2.2.1. Case Study: “Comparing the Effectiveness of Electronic Diary and UX Curve
Methods in Multi-Component Product Study”
This case study assessed the performance of both UX Curve and LTDS, each for
collecting qualitative data as a remote research method (Sahar, Varsaluoma & Kujala,
2014). Twenty-five customers were recruited who had recently purchased a sports
watch and were using it at least five times per week. This multi-product study included
connected accessories such as a heart rate monitor, speed sensor and website, was
conducted remotely over an eight-week period. Participants were asked to completed
the electronic diary online up to twice a week, upon completion of the eight-week
period they were sent four UX Curve templates; one for each of the components. The
templates addressed the “Attractiveness” of the product. “We chose ‘attractiveness’

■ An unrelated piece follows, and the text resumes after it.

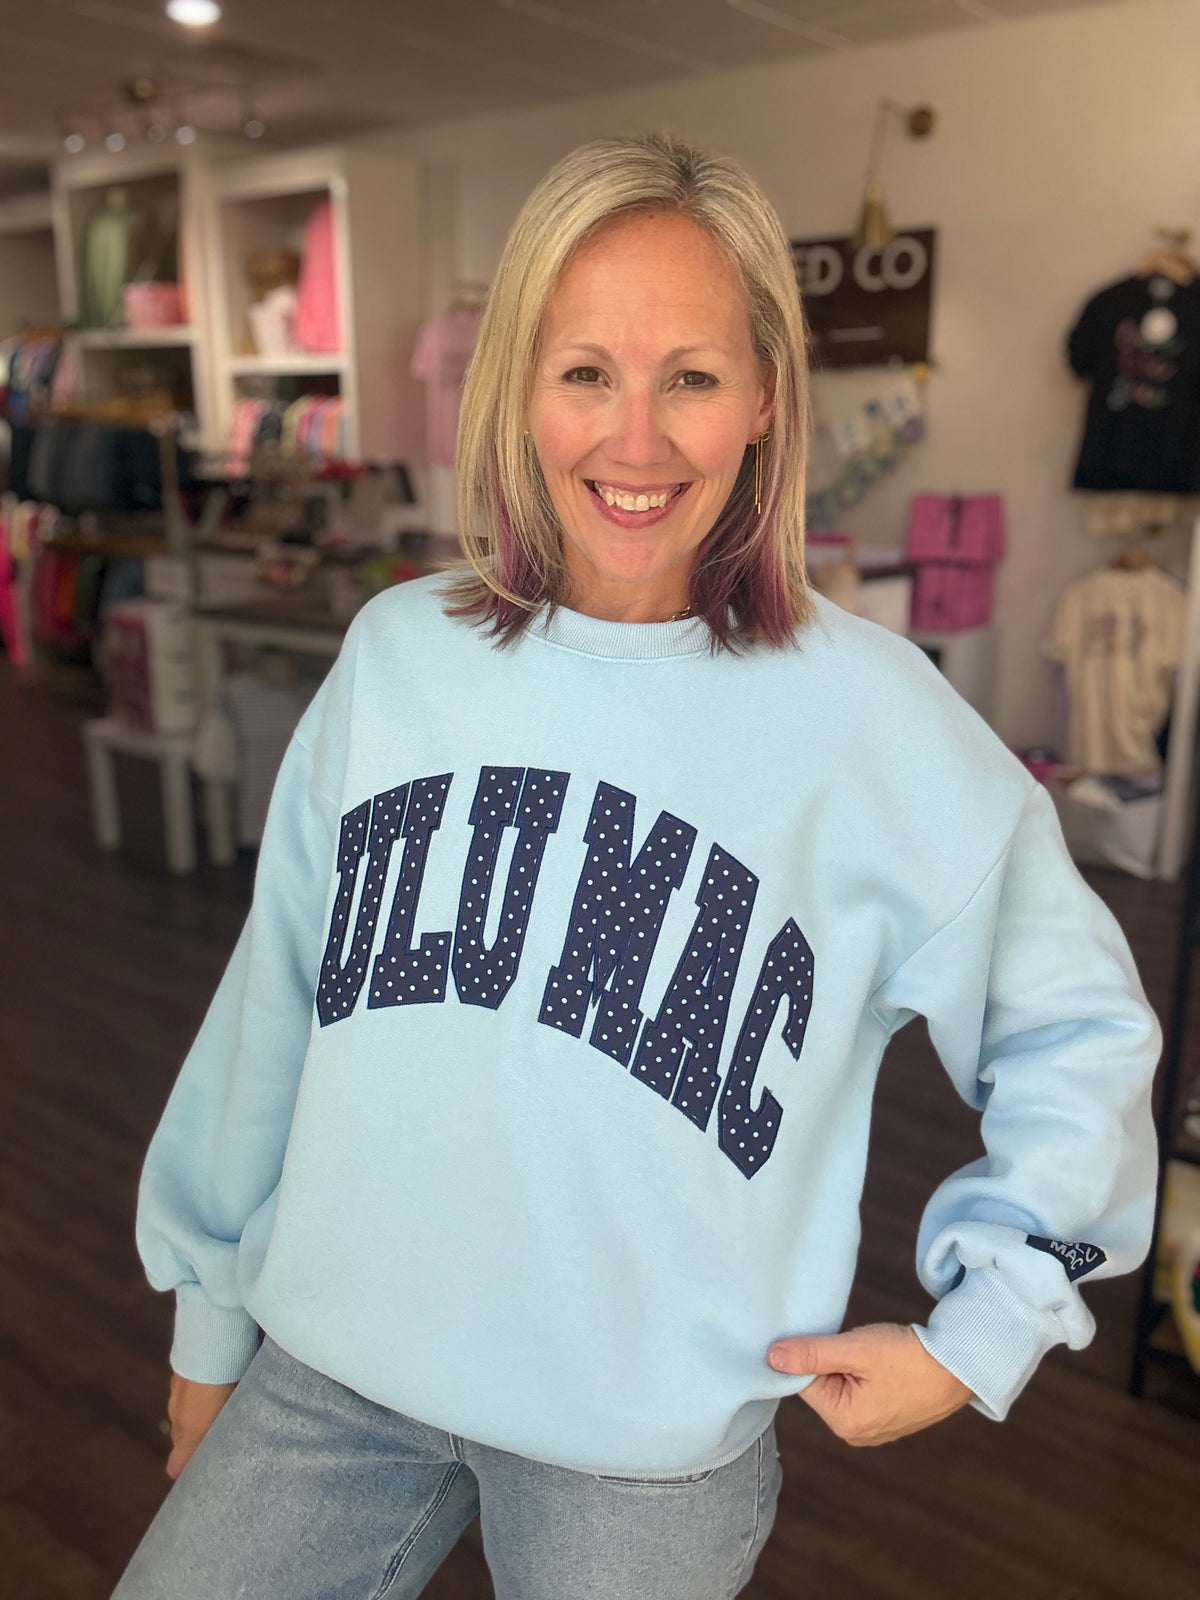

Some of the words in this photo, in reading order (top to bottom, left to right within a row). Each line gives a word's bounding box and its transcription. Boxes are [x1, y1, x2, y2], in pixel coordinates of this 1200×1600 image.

UX dimension because it represents overall appeal and non-instrumental qualities
(aesthetics, symbolic and motivational aspects), although these were not specific to
the users” (Sahar, et al., 2014), and was also chosen based on a previous study done
by Kujala et al. (2014).
The results were clear that the LTDS proved more effective at its ability to collect
further in depth information about each component when compared to UX Curve.
Although getting good user response rates was a challenge over the study duration
according to (Sahar et al.,2014).
UX Curve took less time overall from implementation to deployment and analysis as it
was conducted in one session with participants. However, this study did not maximise
on the best intended use for UX Curve; “UX Curve is intended to be used in a face to
face setting where the researcher is better able to inquire into the participants’

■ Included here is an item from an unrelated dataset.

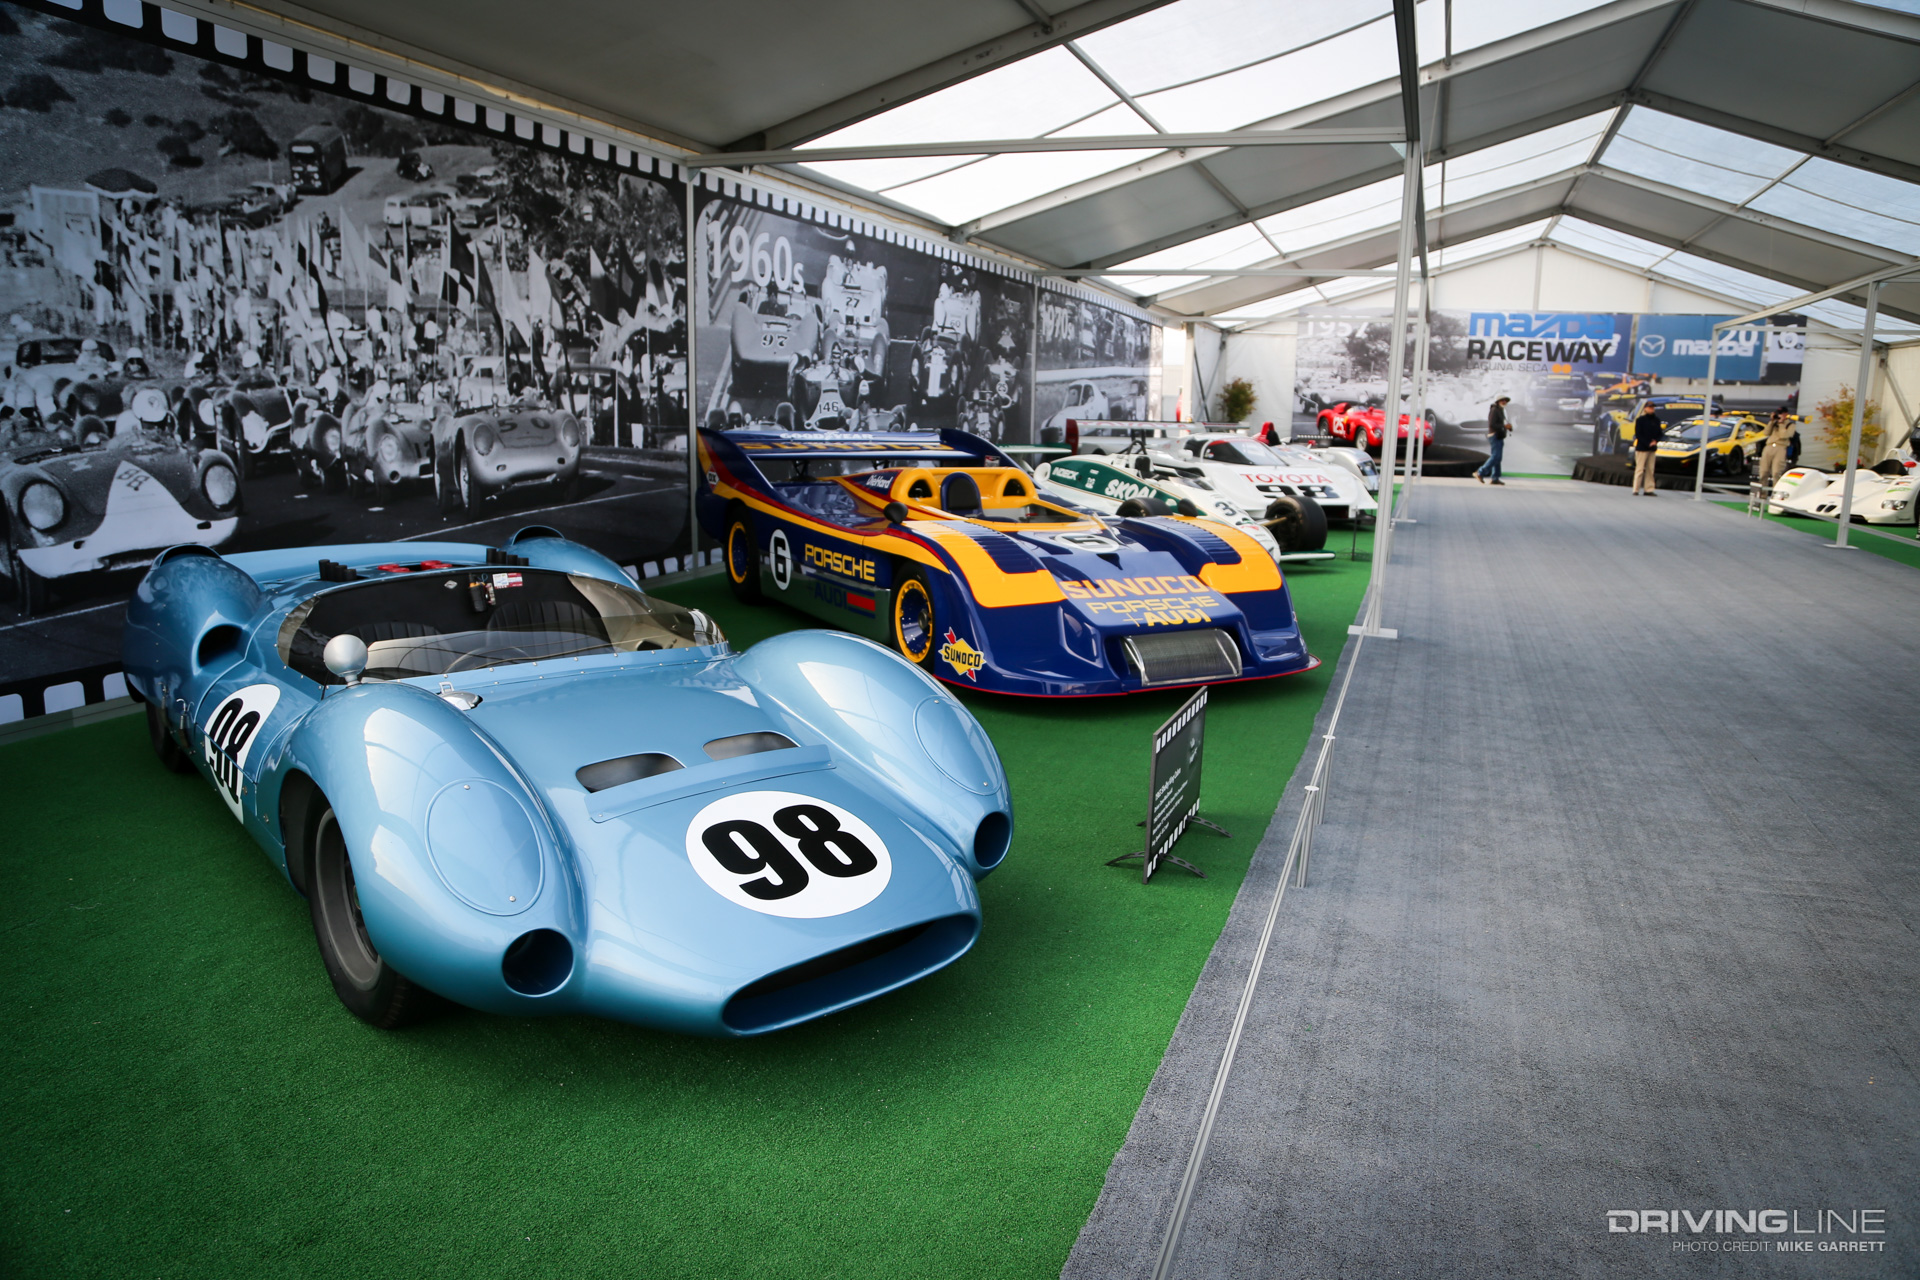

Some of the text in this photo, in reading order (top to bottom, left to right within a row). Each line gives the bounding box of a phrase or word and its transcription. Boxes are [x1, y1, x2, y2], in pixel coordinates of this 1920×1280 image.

reasoning and thoughts” (Kujala et al. 2011a). Instead it was mailed to participants
during the Sahar et al. (2014) study eliminating the potential of qualitative data
gathering. Although limiting the full use of UX Curve, it did consider the existing
research of Kujala et al., (2011a) whom tested six UX Curve types (Figure 3) and
identified “attractiveness” as the best performing template.

Figure 3- Different curve types used while testing a product.
2.3. Web Surveys
Web Surveys are a commonly used method in the researcher’s toolkit. These allow
greater access from a larger audience due to accessibility of the internet. Both Walsh
(2012) and Vermeeren et al. (2010) agree that these are desirable due to their
lightweight nature; speed on implementation, and ease of use.
These highly versatile studies can be used at any stage of the design process. In a
recent project (Norman, 2016) a web survey was used during the exploratory phase
to gauge people’s attitudes and use of the An Post website before prototype
conceptualisation. In the opposite scale web surveys are used as a LTDS used in a
study by Sahar, et al. (2014).
Challenges raised by both Walsh (2012) and Sahar et al. (2014) was the ability to
keep participants engaged for the duration as users tended to drop out or not complete
the survey. These should be considered when surveys are being used in LTDS
contexts. An issue identified by Walsh (2012) is that researchers who formulate
questions and hypotheses should consider their own cultural background. This may
affect research questions, its performance and participant interpretation if testing
occurs in different regions and cultural backgrounds.
2.3.1. Case Study: “Approaches to Cross-Cultural Design: Two Case Studies with UX
Web-Surveys”
This study assesses the use of web surveys in two different cases. One covers an
online gaming site and the other an online sports diary. The online gaming site
objectives were to gain insights on how to design a good UX for new markets in the
future (Walsh, 2012). The online sports diary evaluated customer usage of over a
period of three months. The sample size in each greatly differed; 11,238 participants
of the gaming site were sent an invite email, with only 632 responding. 17 were
recruited for the online sports diary with 7 dropping out through the evaluation. A more
effective response was noted for the online sports diary which screened for willing
volunteers prior to the evaluation. Both surveys were sent internationally, however,
translations had to be considered prior to survey deployment (Walsh, 2012).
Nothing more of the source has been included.